‘Eu uso termotebe e o meu pai também’: um Portugal que já passou mas que ainda cá está


“Eu uso Termotebe e o meu pai também” é uma peça de Ricardo Correia, estreada no Teatro Dona Maria II e integrada no ciclo “Portugal em Vias de extinção”. Passou agora pelo Teatro Académico Gil Vicente e passará (espera-se) por muitas salas em Portugal. É uma viagem sobre sonhos, nostalgia, sentimento de perda, ascensão e queda.

Os atores contam-nos como passaram vários dias na zona do Vale do Ave a entrevistar antigos trabalhadores e patrões de grandes ex-fábricas que hoje são monstros em ruínas (algumas no centro das cidades). Dentro dessas ruínas o silêncio é pesado, contam-nos. Será para fazer lembrar os despedimentos coletivos, aqueles que começaram a trabalhar ainda crianças, as dores de horas seguidas na mesma posição, a obediência ao patrão, os salários baixos ou a destruição da comunidade que existia dentro de cada fábrica depois da sua falência. Será para guardar memórias. O espetáculo está carregado delas, e a acompanhar os atores, vão sendo projetadas fotos e recortes de jornal de várias fábricas, operários e greves que nos ajudam a ser levados para o ambiente certo.


O cenário ambíguo com um grande espelho desfocado e compartimentado e figurinos que parecem a roupa do dia-a-dia dos atores, revelam-nos aquilo que vai acontecer durante a peça – uma dualidade entre o ator e a personagem. Uma constante entrada e saída de histórias recortadas e transformações frequentes dos objetos e acessórios.

Em vários momentos, os atores utilizam uns auscultadores ligados a um leitor onde ouvem os diálogos gravados no terreno, ditos por “pessoas reais”, para mais fielmente repetirem a forma de falar, a cadência, o sotaque, as palavras das entrevistas. O método dá origem a momentos maravilhosos em que realmente sabemos que as pessoas falaram exatamente assim – quando as pessoas falam nem sempre usam as palavras mais acertadas ou uma sequência lógica correta e isso reflete-se neste exercício de repetir palavra a palavra. É, sem dúvida, um ponto muito interessante na peça, que, globalmente, se revela pertinente no seu tema e forma de o apresentar e muito boa de se ver. A peça poderia ser um pouco mais curta – isto jamais quer dizer que se torna desinteressante, mas há uma ou duas repetições de situações que acrescentam pouco.

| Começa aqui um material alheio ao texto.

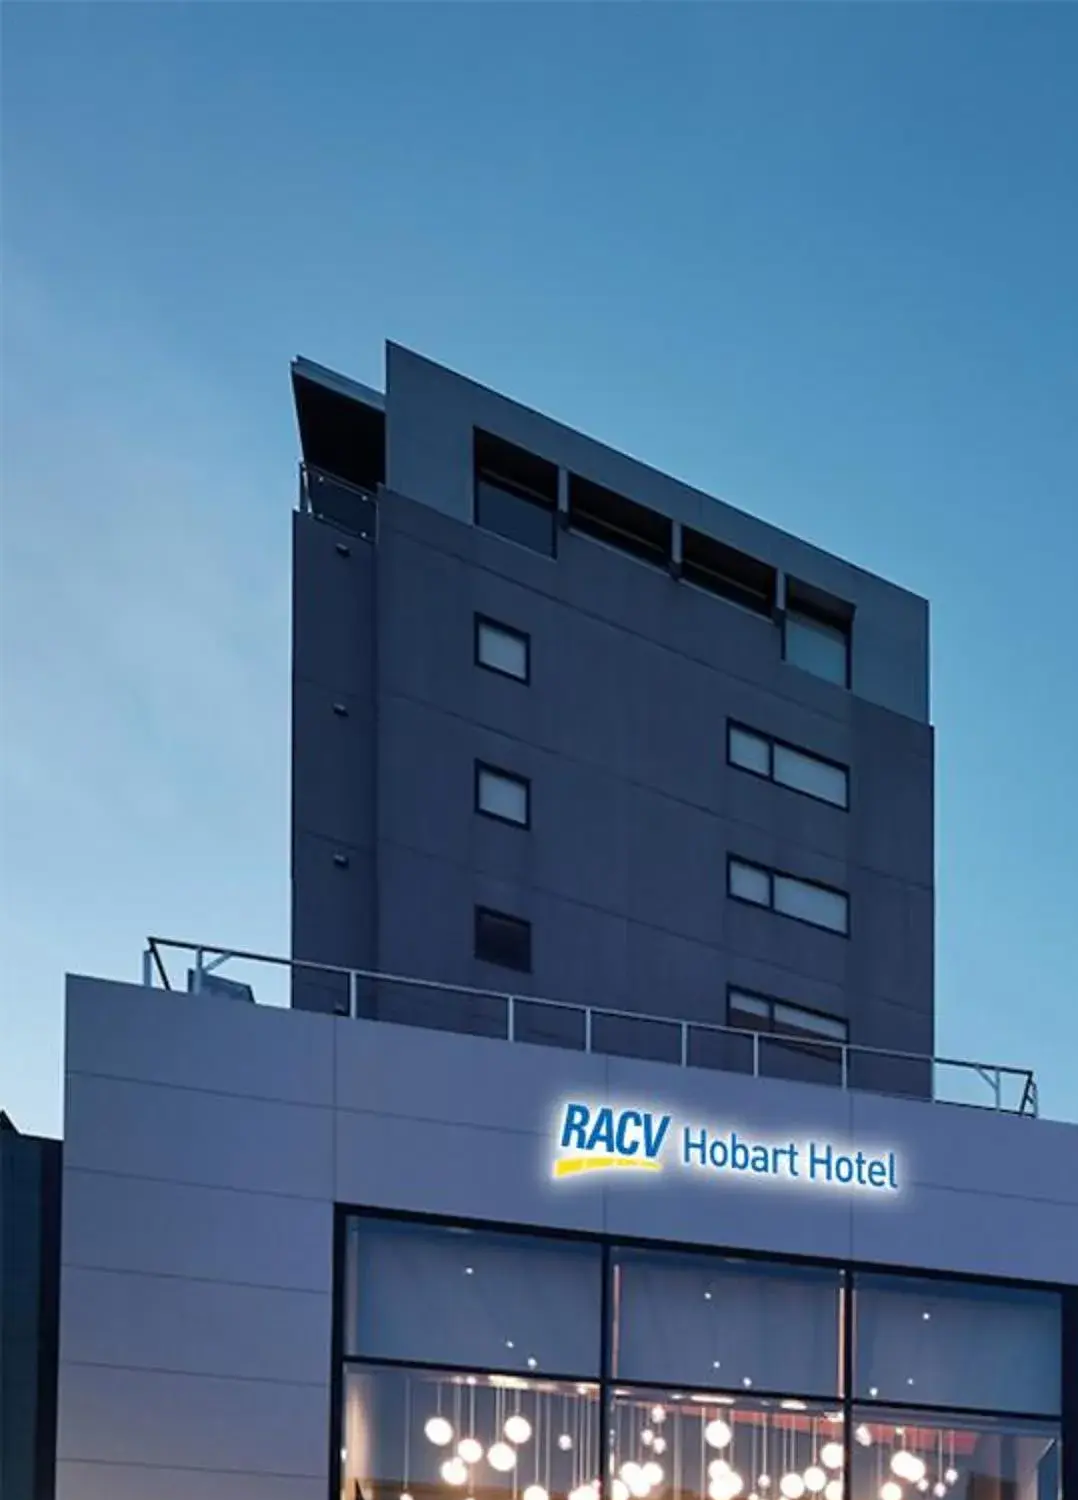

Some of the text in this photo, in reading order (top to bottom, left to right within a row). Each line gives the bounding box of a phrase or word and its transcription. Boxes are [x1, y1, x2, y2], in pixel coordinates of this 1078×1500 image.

[560, 1103, 899, 1188] RACV Hobart Hotel

Existem também dois momentos que de alguma forma quebram a “magia” da peça: quando é tomada uma atitude mais política falando dos sindicatos como algo muito positivo, e quando se fazem sugestões diretas ao público sobre reflexões que “devem” ser feitas. Percebe-se que se fale dos sindicatos, pois eles foram (e são) muito importantes em muitas das conquistas do trabalho, mas talvez ambas as situações pudessem ser tratadas com mais “poesia”.

‘Eu uso termotebe e o meu pai também’ é uma peça muito rica e com um grande valor social e patrimonial (material e imaterial). As interpretações são boas e a encenação é cheia de ritmo, pormenores e surpresas. Momentos que nos inquietam, outros que nos divertem ou fazem pensar e aqueles que nos transportam para nós mesmos. No final resta uma certa angústia por todos aqueles que viveram uma vida imposta pelo ritmo da indústria – operários e patrões a trabalhar, e as famílias deles a viverem em torno de tudo isto, sem pausas, para dar vida a produtos gloriosos como a camisola Thermotebe. ‘Uma camisola interior de características turboelétricas’. Vejam a publicidade (vídeo abaixo) e a peça, que ambas valem a pena.

Próximas datas:
23 Março – Teatro Aveirense
20 Abril – Centro Cultural Vila Flor (Guimarães)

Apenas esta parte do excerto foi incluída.